On Reading Shitty Books (and Rick Moody) for Fun

Rick Moody is an affirming talent.

Rick Moody's existence means that my own abilities, whatever they are, can't be that poor. Somewhere in the throes of my self-doubt I imagine some limit -- a sub-basement -- where my feelings can call it a day. Rick Moody, along with nine thousand adjectives, occupies that space.

Dale Peck's done a much better job of marinating, cooking, and skewering Rick Moody than I ever could. Say what you will about Peck's hatchet jobs, I'm not sure I can get behind a writer that stresses the orthopedic nature of shoes at least thirty-five times in a paragraph that is as many pages long.

But why read bad books?

Or, the better question: why read Rick Moody?

I read Rick Moody for the same reason that I have some boring friends. It's the same reason why I know anything about the differences between various swimsuit cuts. It's also why my sister Angelica likes to set things on fire in crowded restaurants.

Boredom inspires a functioning mind. It lets me finish a draft. (For Angelica, it helps determine the flammability of one's plum sake.)

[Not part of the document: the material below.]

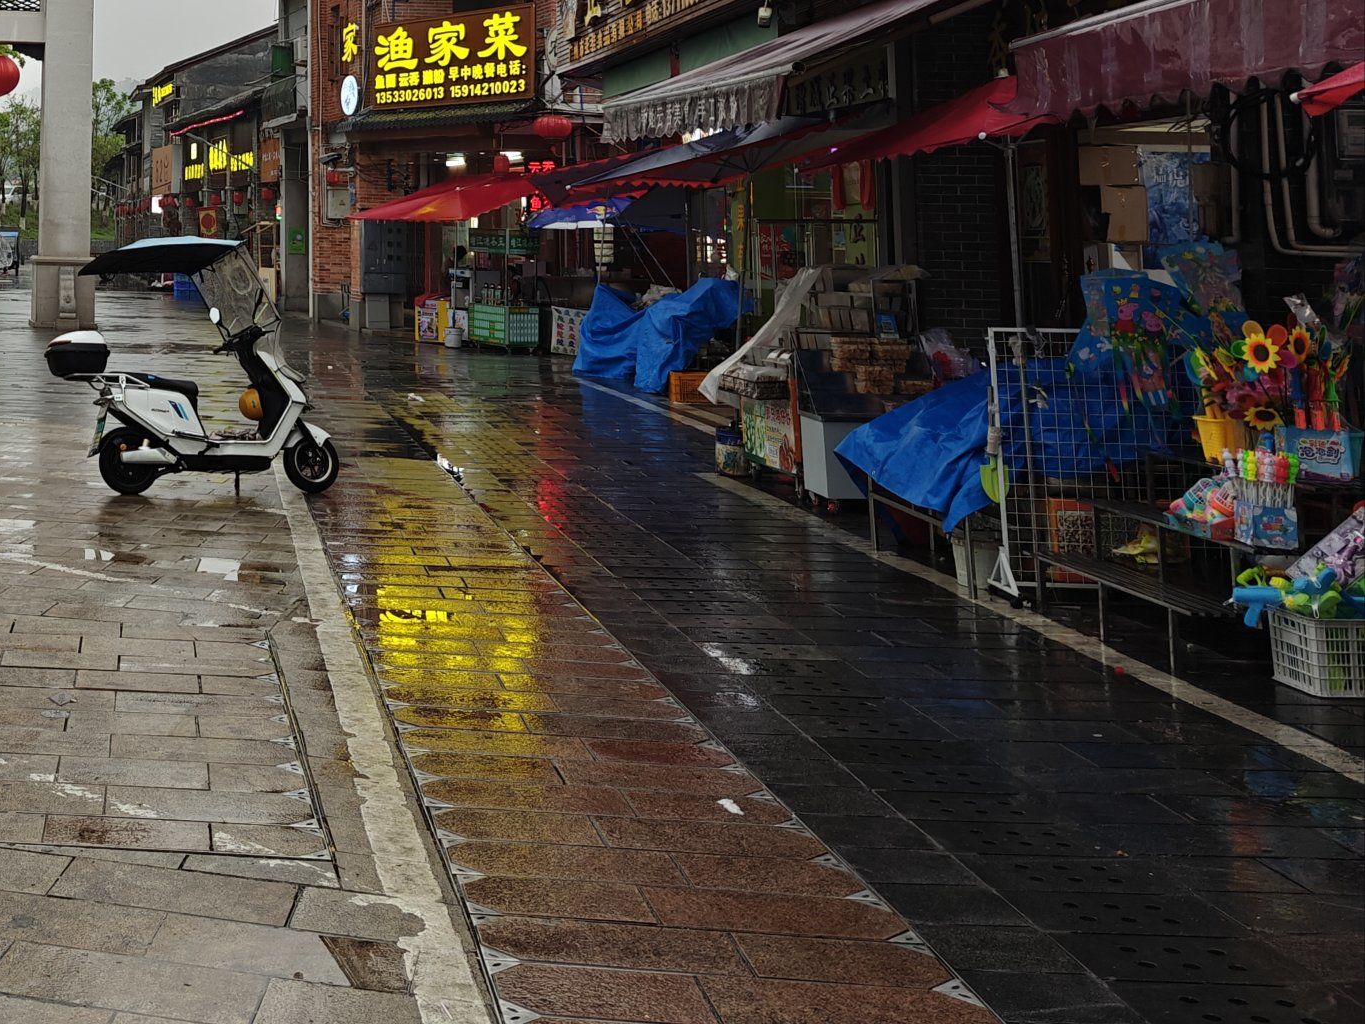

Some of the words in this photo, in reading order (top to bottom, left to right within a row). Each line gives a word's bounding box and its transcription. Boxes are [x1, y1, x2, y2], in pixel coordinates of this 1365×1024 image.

[374, 11, 528, 71] 渔家菜
[375, 87, 445, 104] 13533026013
[449, 79, 526, 98] 15914210023
[398, 71, 420, 87] 云吞

Boredom makes me reconnect with old contacts rotting away in my cellphone, anything to prevent me from finishing that one paragraph about the aged breasts and the blender.

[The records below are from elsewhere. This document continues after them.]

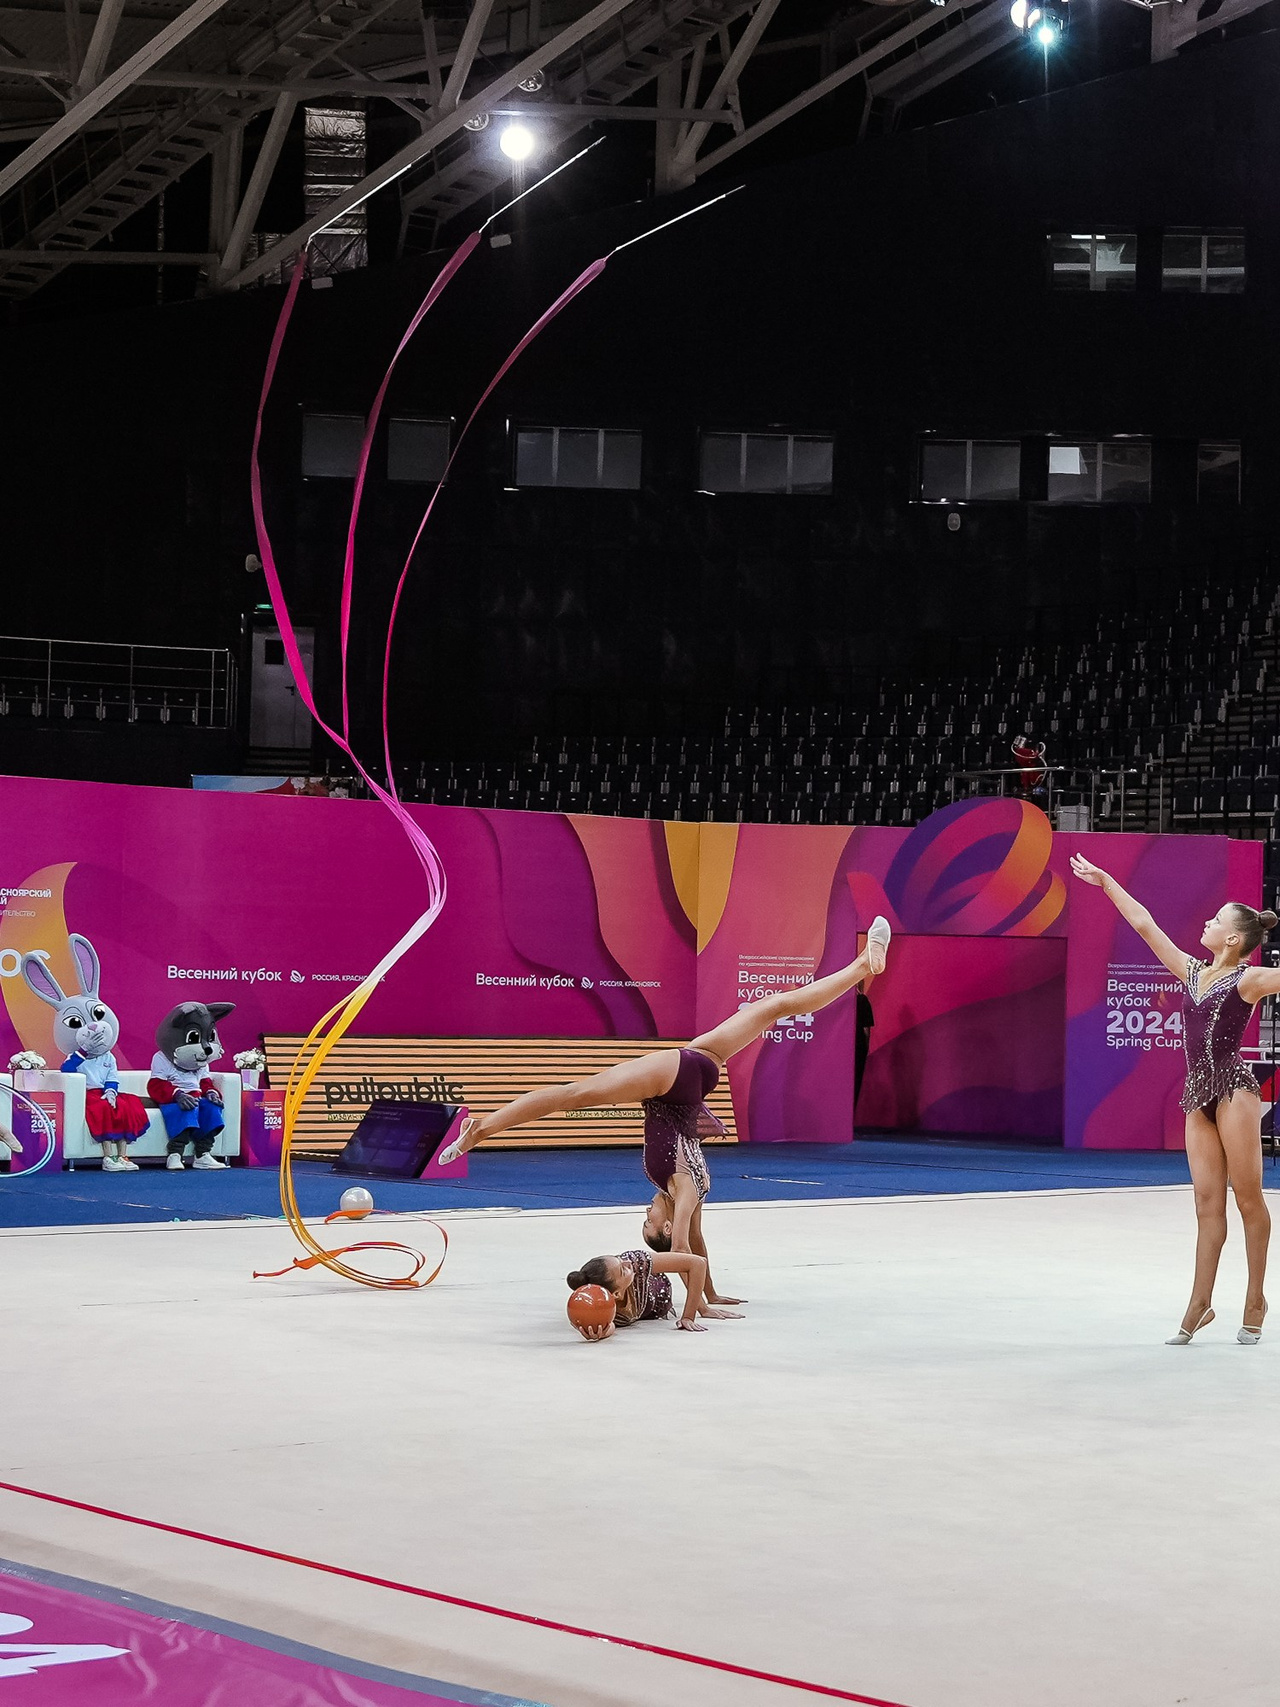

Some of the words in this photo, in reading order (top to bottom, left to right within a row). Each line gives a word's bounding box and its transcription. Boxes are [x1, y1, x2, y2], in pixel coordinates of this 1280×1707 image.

[167, 965, 238, 980] Весенний
[241, 968, 282, 984] кубок
[312, 974, 341, 983] РОССИЯ,
[476, 972, 537, 987] Весенний
[540, 975, 575, 990] кубок
[738, 970, 814, 984] Весенний
[1107, 979, 1183, 993] Весенний
[1107, 994, 1151, 1009] кубок
[1106, 1010, 1183, 1034] 2024
[786, 1028, 814, 1042] Cup
[1106, 1035, 1152, 1051] Spring
[1155, 1036, 1182, 1050] Cup
[325, 1075, 465, 1108] pullpublic

I love Rick Moody because I realize that if he can connect such disparate things as fishermen at dusk, geiger counters, spaghetti, a series of flaccid interstate highways into one trail-mix paragraph -- read, Purple America -- I ought to be able to do the same, readability be damned.

4 comments:

  1. "But why read bad books?"

    Indian Writing in English (IWE for short) has thrown up a lot of trash in the recent past. I haven't heard of Rick Moody, but if he does learn of the existence of these writers we have flooding our market, then, I am certain he would be forced to conclude: "they're existence means that my own abilities, whatever they are, can't be that poor"

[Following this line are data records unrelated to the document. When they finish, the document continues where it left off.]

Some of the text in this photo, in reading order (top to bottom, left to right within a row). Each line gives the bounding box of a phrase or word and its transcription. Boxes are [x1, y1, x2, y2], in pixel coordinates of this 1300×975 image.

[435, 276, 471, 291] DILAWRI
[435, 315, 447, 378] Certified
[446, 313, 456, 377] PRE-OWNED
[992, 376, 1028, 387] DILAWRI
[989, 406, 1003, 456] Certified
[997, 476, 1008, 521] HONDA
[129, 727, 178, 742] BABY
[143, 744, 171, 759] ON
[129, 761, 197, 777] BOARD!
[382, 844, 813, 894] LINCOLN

    I read a lot of trash because I find it entertaining. Highly so.

    ReplyDelete
  2. Since we don't get a lot of Indian writing in English (those that we do get cater to the diaspora, so it's a different class of fiction), who do you consider bad? OK, other than Chetan Bhagat, I know he's pretty bad.

    ReplyDelete
    Replies
    1. I dunno, man. "Anything for you Ma'am" involves someone being involved with a beautiful girl named Shreya, so I'm inclined to think it's non-fiction.

      Joking -- joking.

      But hey, in the vein of Rick Moody, it makes me feel better about myself; why should people from IIT be good at EVERYTHING?

      Delete
  3. Hahaha. True.

    But try telling that to the average Indian reader-- obviously she/he thinks otherwise. The IIT tag increases sales exponentially.